As a teenager living in St Albans, Norris worked at Phil Smee's Bam Caruso label where he was introduced to the wild and wonderful British psych music of the 60s, getting a taste for records like Blossom Toes We Are Ever So Clean. In 1987 with his cohort Genesis P-Orridge he recorded the UK's first Acid Track 'Jack The Tab' and dived head first into a scene that he saw continuing the link between dance music and psychedelia that goes way back to David Mancuso's incense filled loft in the late '60s. Forming The Grid with Soft Cell's Dave Ball he was responsible for wonderfully experimental pop gems like 'Flotation' about as good an aural document of those heady times as you will hear.
When those mysterious Beyond The Wizard Sleeves records first surfaced on 3rd Mynd, it was not perhaps that surprising to discover that Norris was one of the conspirators. Alongside production partner Erol Alkan, this was the first time the 60s obsessive really started mining the music that had first inspired him, reworking tracks Illés' 'A Bolond Lány' and The Rolling Stones '2000 Light Years from Home'. The remixes that followed (collated on the Re-Animations LP) brought more of a beats edge to the lysergic flow, which is really where the first T&SM LP picked up.
While titles like 'Mushroom Family' might have given away the source of the inspiration, there was little of the far-out psych of groups like Samsara Blue Experiment, and in fact Set the Phazer to Stun shared more in common with the Balearic head music of bands like Quiet Village or the West Coast cosmic rock of Moon Duo. This was music that was more at home on an Andrew Weatherall play list than a Mojo reader's Top 100. in fact, Weatherall's show on XOYO radio was a perfect place to hear the wonderfully entitled 'Pill Party in India' from this the second T&SM LP. This glorious slab of lysergic dance music is about the heaviest track here but the whole sound of the album is denser yet looser and more assured than on the debut.

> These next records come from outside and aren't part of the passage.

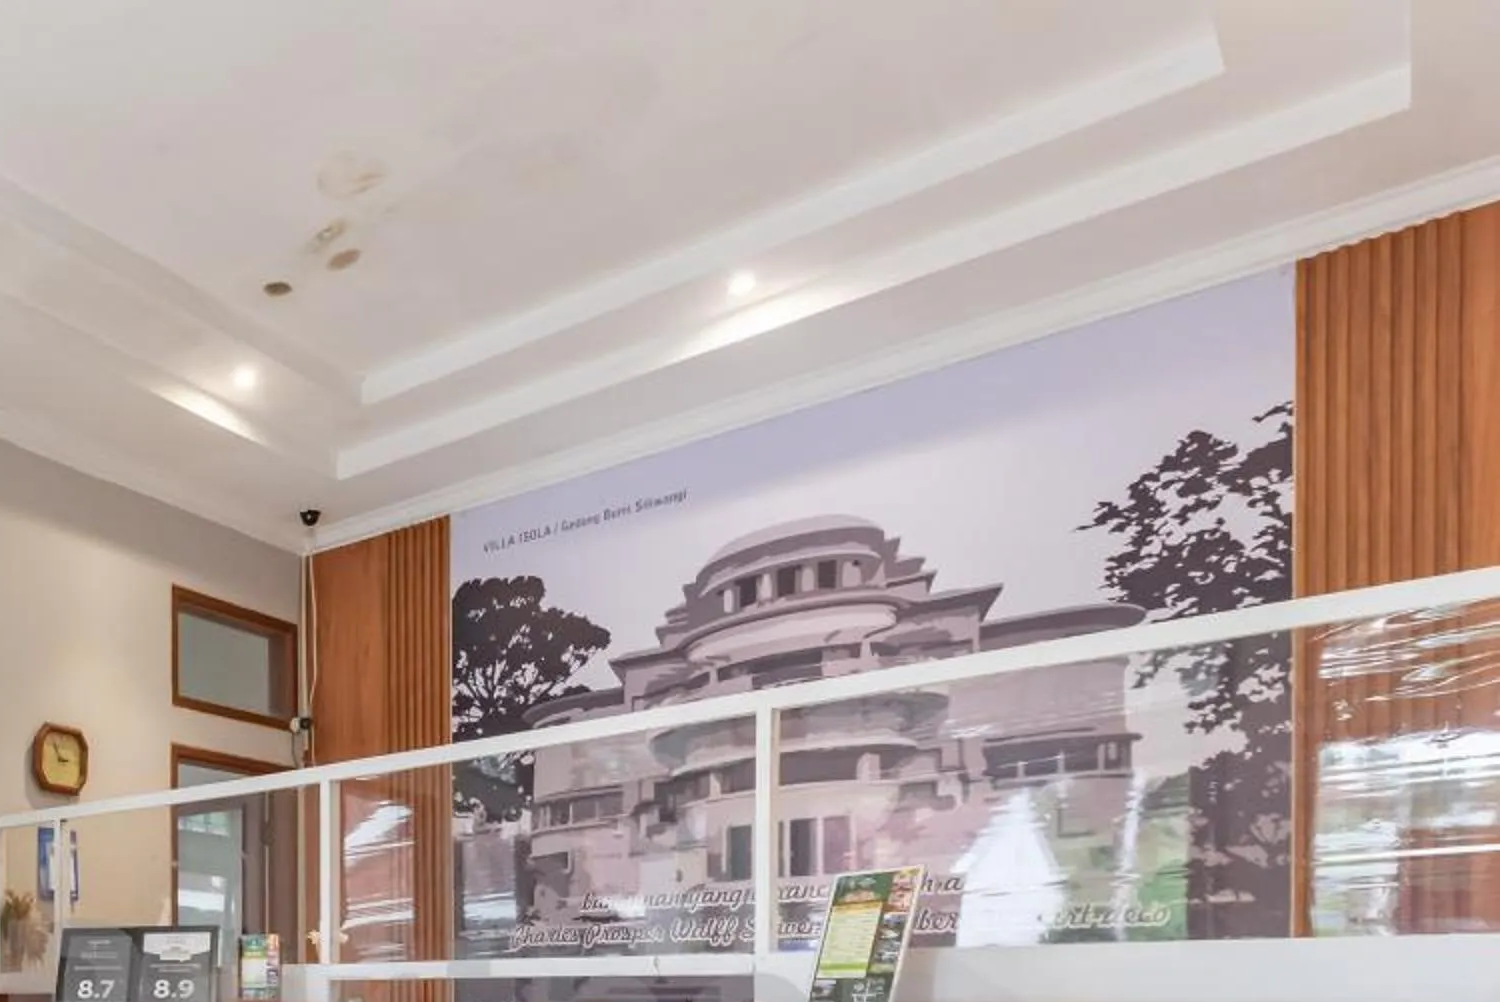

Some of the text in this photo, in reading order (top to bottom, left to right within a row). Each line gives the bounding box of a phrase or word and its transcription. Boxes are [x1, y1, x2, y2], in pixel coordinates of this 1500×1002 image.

[519, 526, 551, 544] ISOLA
[77, 979, 115, 999] 8.7
[153, 979, 195, 999] 8.9
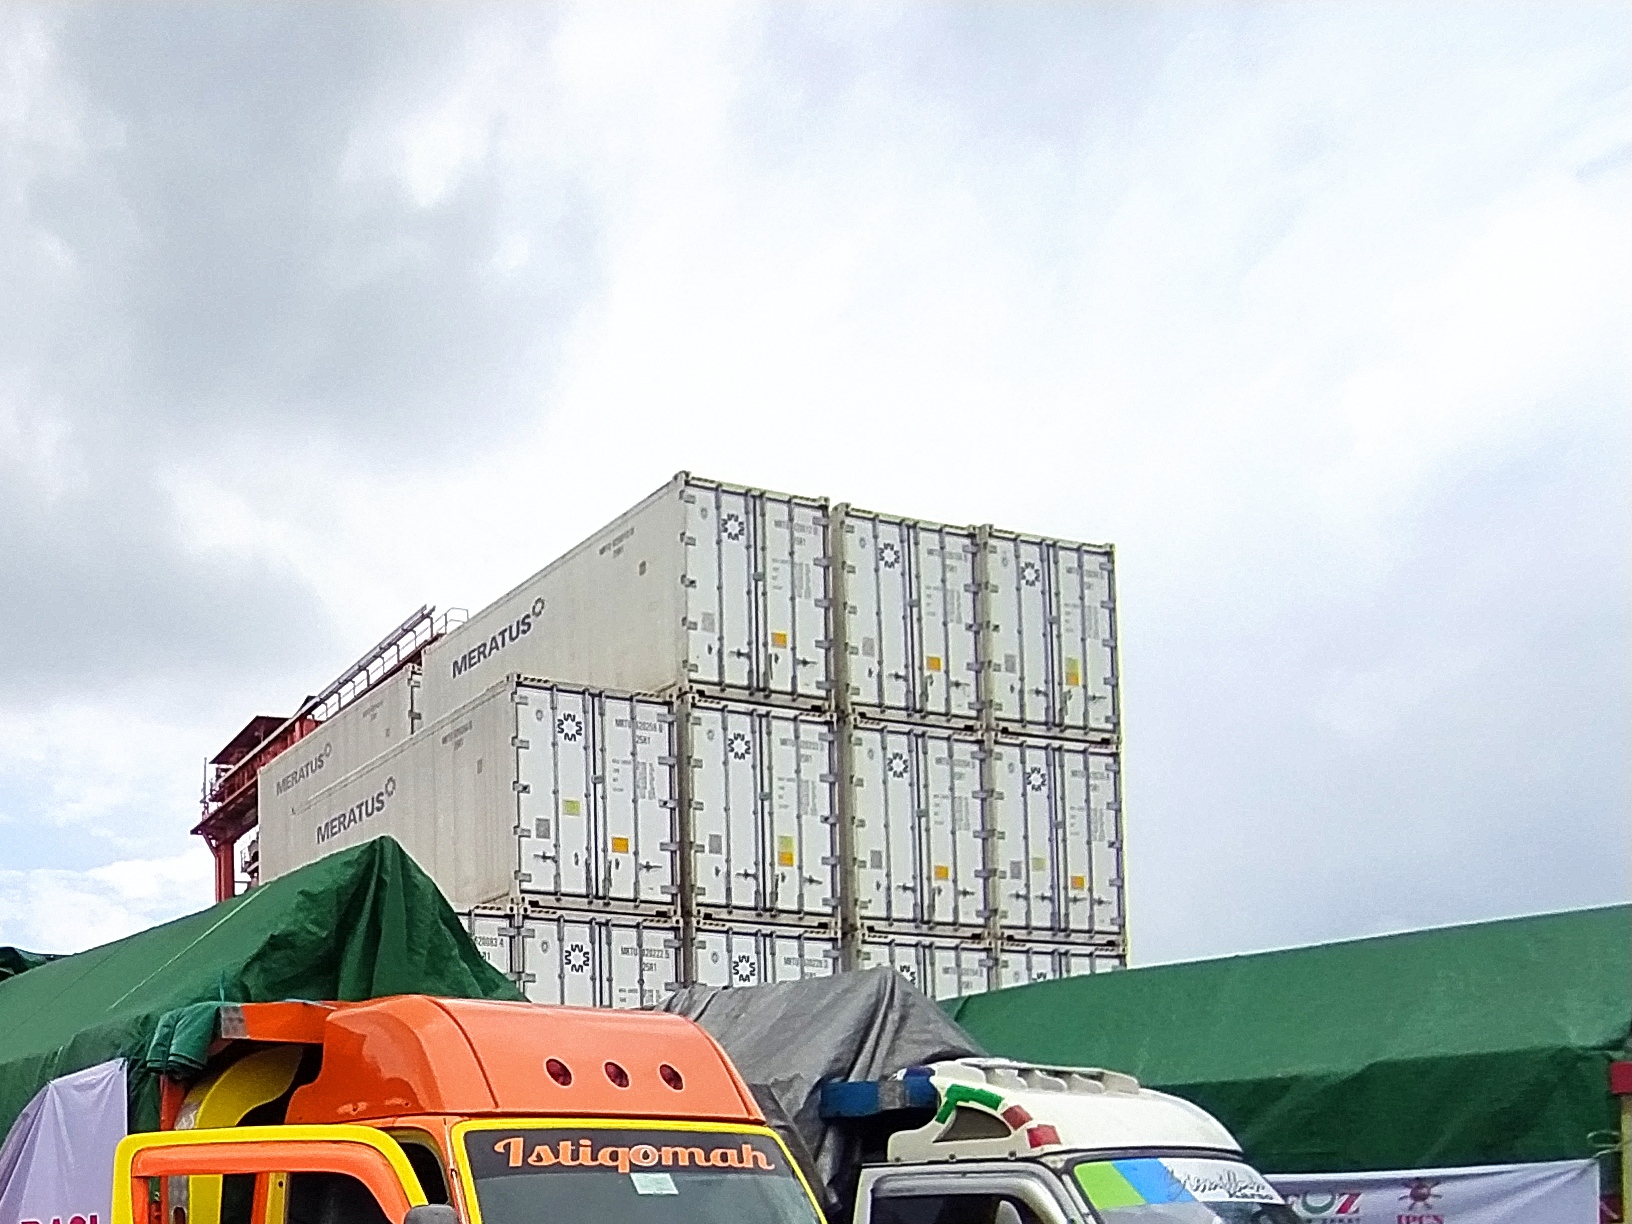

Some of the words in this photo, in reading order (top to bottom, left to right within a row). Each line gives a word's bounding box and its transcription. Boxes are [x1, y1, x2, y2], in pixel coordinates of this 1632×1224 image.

[452, 614, 533, 679] MERATUS
[276, 754, 325, 796] MERATUS
[317, 792, 386, 844] MERATUS
[494, 1137, 776, 1173] Istiqomah

Another band to successfully meld rock and dance were of course New Order and there are touches of the band circa Movement on the opener 'Hiding in the Light' with soaring keys and melancholic guitar lines worked around a great cowbell hook. Picking up where the brilliant T&SM mix of Primal Scream's 'Can't Go Back' left off, the driving kraut/psych of 'Black Rainbow' looks to West Germany rather than Northern England with a track that reflects Richard Norris love of the freakier end of Germany's 70s movement. In fact the whole revolutionary electronic impulse of the krautrock scene can be viewed as the foundation for what Norris is doing in the space between dance and head music. But that is not to say that this latest outing is weighed down by its influences or in awe of the past and tracks like 'Studio 23' are tailor made for Stoke Newington basements in 2012 – dark and dirty dance music in fact.
Bringing us back to earth gently, the closing smoker's triplet of 'Magic Mountain', 'Flow River Flow' and 'Good Morning' are tailor made for that third summer of love we so need right now. With hook ups with the likes of Psychemagik and remixes for St Etienne on the way and rumours of a T&SM psych warehouse party, this looks like being another summer touched by the Balearic bliss of Richard Norris. On the eve of the LP's release he summed up the the new direction while whetting the appetite for the band's next phase: "I've been thinking more about how the record is going to sound live, when the five piece live Time and Space Machine band hits gigs and festivals next year. The result is a looser, more played record, with tracks like 'Black Rainbow' typifying the sound—hypnotic, motorik, psychedelic grooves and sounds that will be stretched, twisted, expanded on stage." The Green Man awaits.